There's something about the weekly invention test (done to liven up what are the dreary weekends of Winter, not the least this one where it seems to rain incessantly). Anyway, gather round and hear the tale of the George Foreman grill and the madman who reads the instructions. But, first, I should explain that I have bought a baby version of one of these because I'm mean: grilling only one 8oz Sirloin steak means that a helluva a lot of energy is wasted. So the GF seemed like a good plan, especially as the Security Man at work (who you are very polite to, if you have any sense as he used to be a bodyguard) keeps getting in my ear about how wonderful they are.

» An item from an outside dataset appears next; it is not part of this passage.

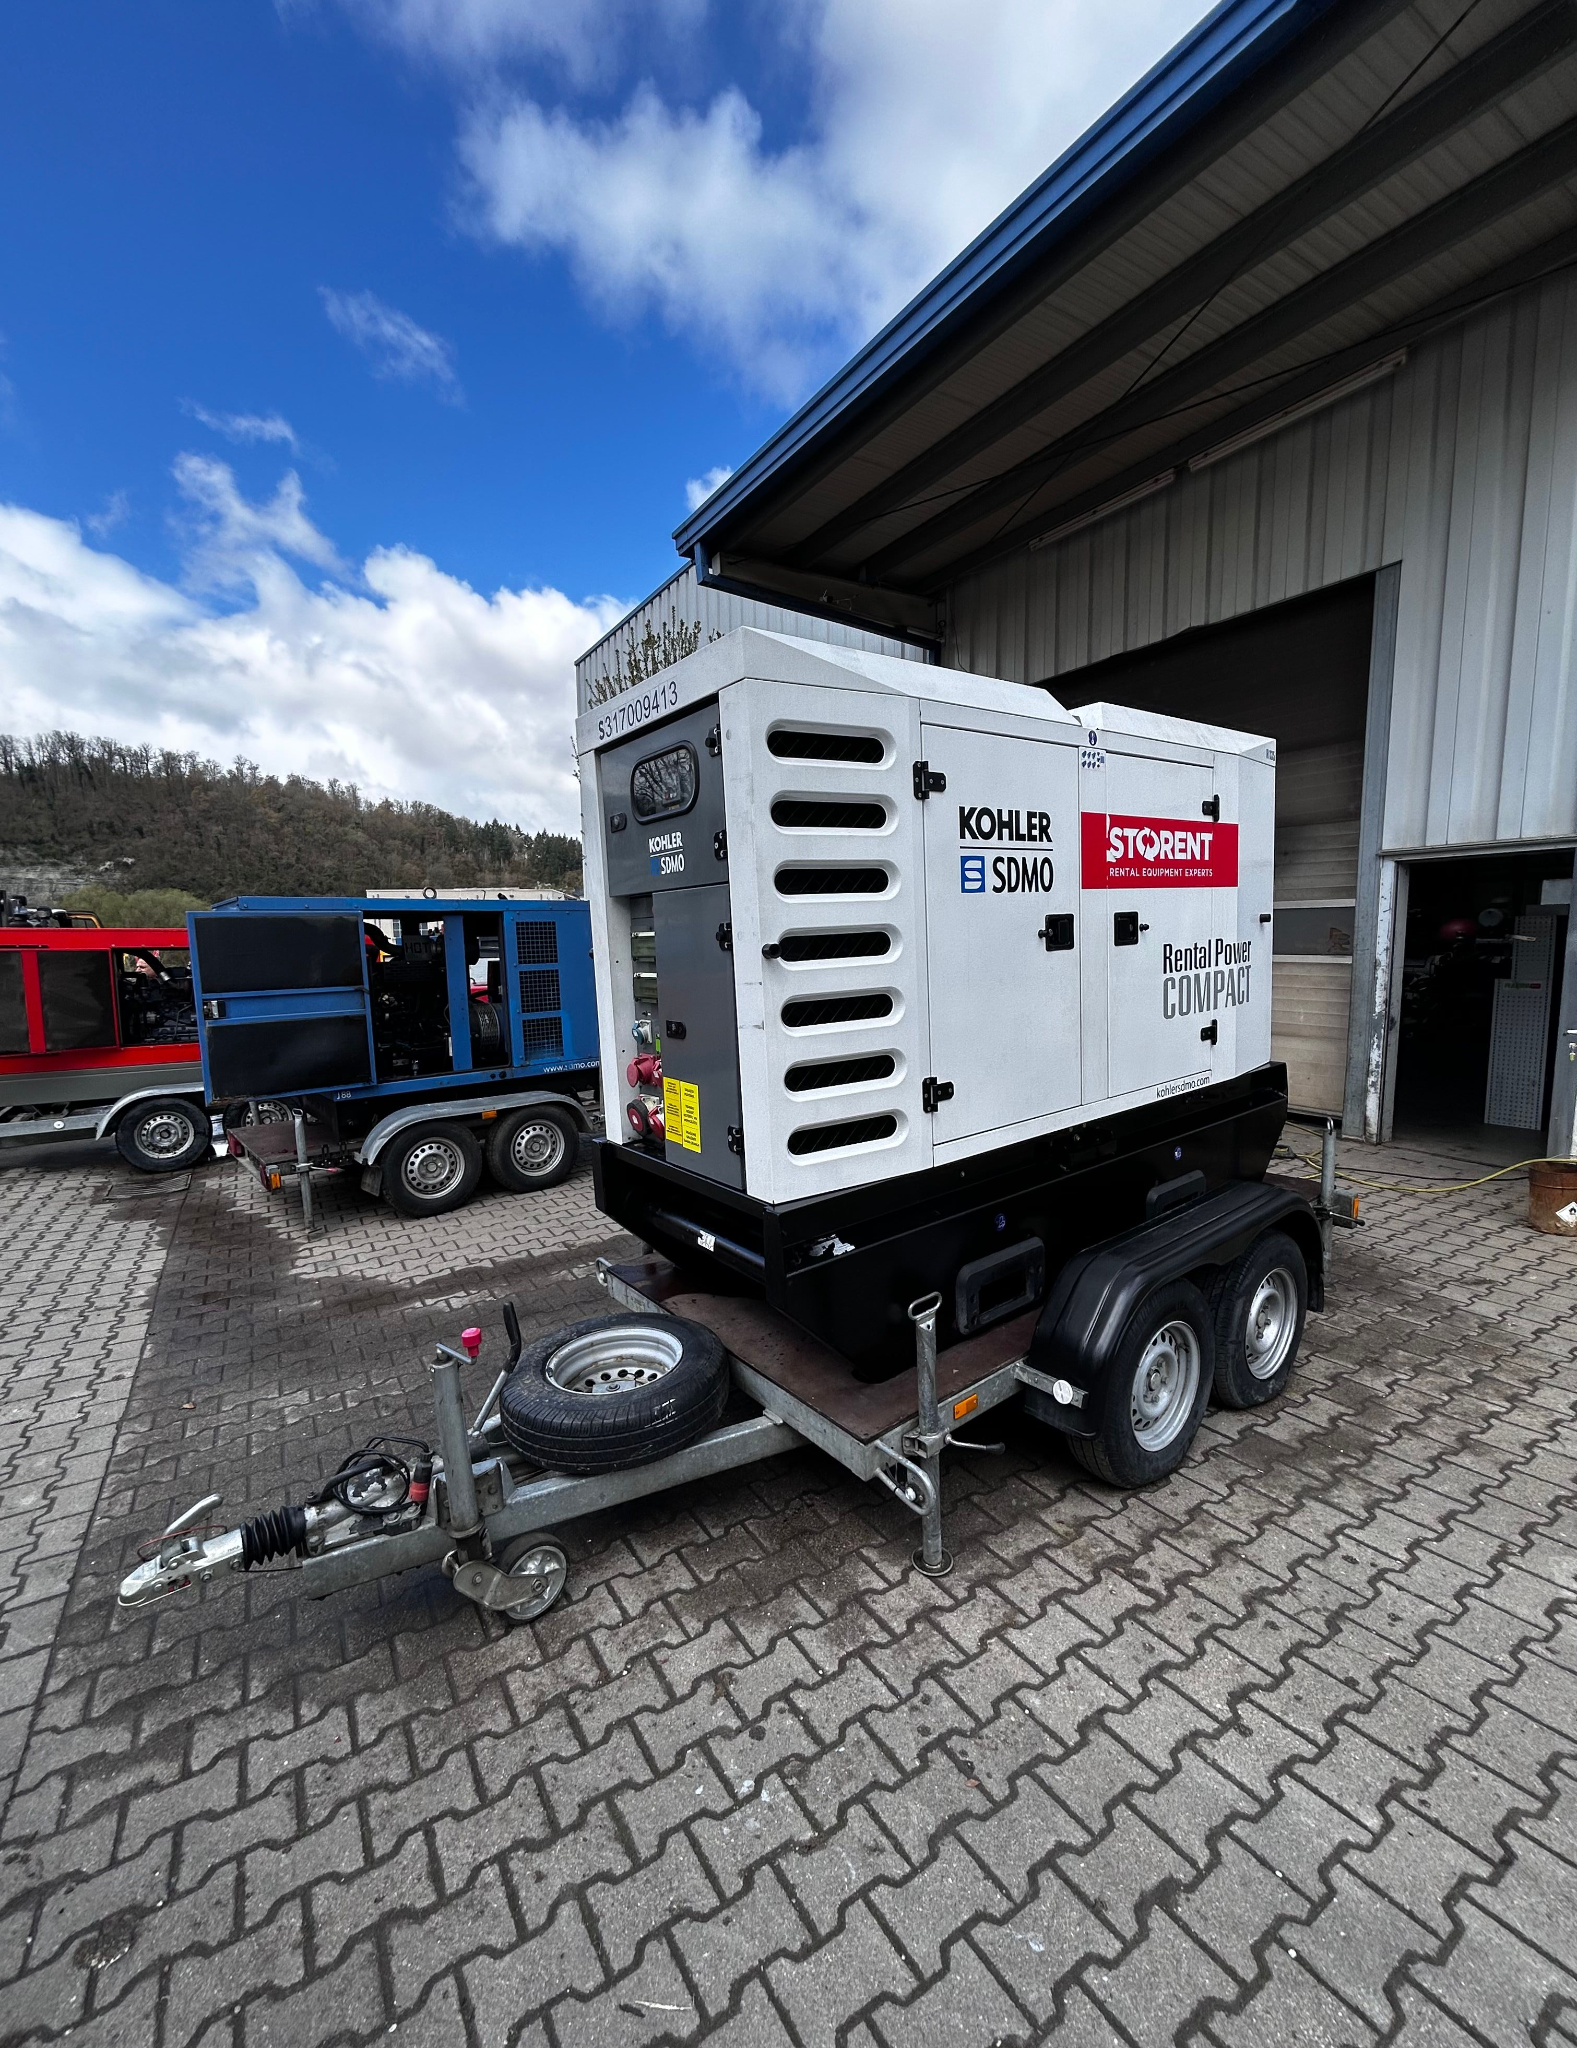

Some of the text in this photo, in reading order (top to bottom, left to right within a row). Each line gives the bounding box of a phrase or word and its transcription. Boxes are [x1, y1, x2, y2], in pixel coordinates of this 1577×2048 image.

So, I had this steak, some old basil and spring onions, some potatoes, mushrooms, passata and the usual veg. I sit down with a glass of wine and commence my first mistaken activity - I read the instructions. Now, I know better, really I do, especially with cooking equipment, as most of the instructions are couched in such a way as to ensure safety, not excellence of result. But, SM's words were in my ear, so I read them, I oiled the cooking plates and wiped them off after heating.
For the pots (parboiled baby pots, sliced in 1/2" chunks), I gently fried through some sliced spring onions, sliced garlic, finely chopped ginger, some chili powder in olive oil; added the mushrooms and brought the heat up until all the fluid has been absorbed and fried on a medium sort of heat for a further two minutes. I then added the pots, about 2 x wine glasses full of Passata, some Chili and Garlic sauce, and what turned out to be quite a lot of Basil. This bit turned out scrumptious, incidentally. I then put the lid on this and turned my attention to the GF; now I like my steak raw (a sort of cross between bleu and saignant), but the surface cooked and hot all the way through. The GF said 7-9 minutes, so I cooked it for 7 minutes.
I am an idiot. I would hardly cook a steak that long in a frying pan; get butter and olive oil blisteringly hot, add steak; hold down onto hot surface, move and then leave for 1-2 minutes; check and then probably turn over and do the same on the other side. 7 minutes I cooked this inoffensive 28 day matured steak. I ate it as a penance (it is, after all protein), but this part of the beef gave up it's life to an idiot. As far as I'm concerned I'd managed to remove all the flavour and make it as chewy as hell. As the GF works by draining the fat (the tasty bit) out of contact with the steak, logically it can't be any good for cooking steak. I am a moron.
Furthermore, the easy to clean GF is not; it took me three times as long to clean as a grill and 6 times as long as a frying pan... back in its box. Life's too short for a GF, although with substandard chicken or pork it may be a good way of getting rid of the injected water. I'll give it one more go with one of those...
Sorry to chunter, but it ticks me off big time when I ruin the most expensive ingredient I buy.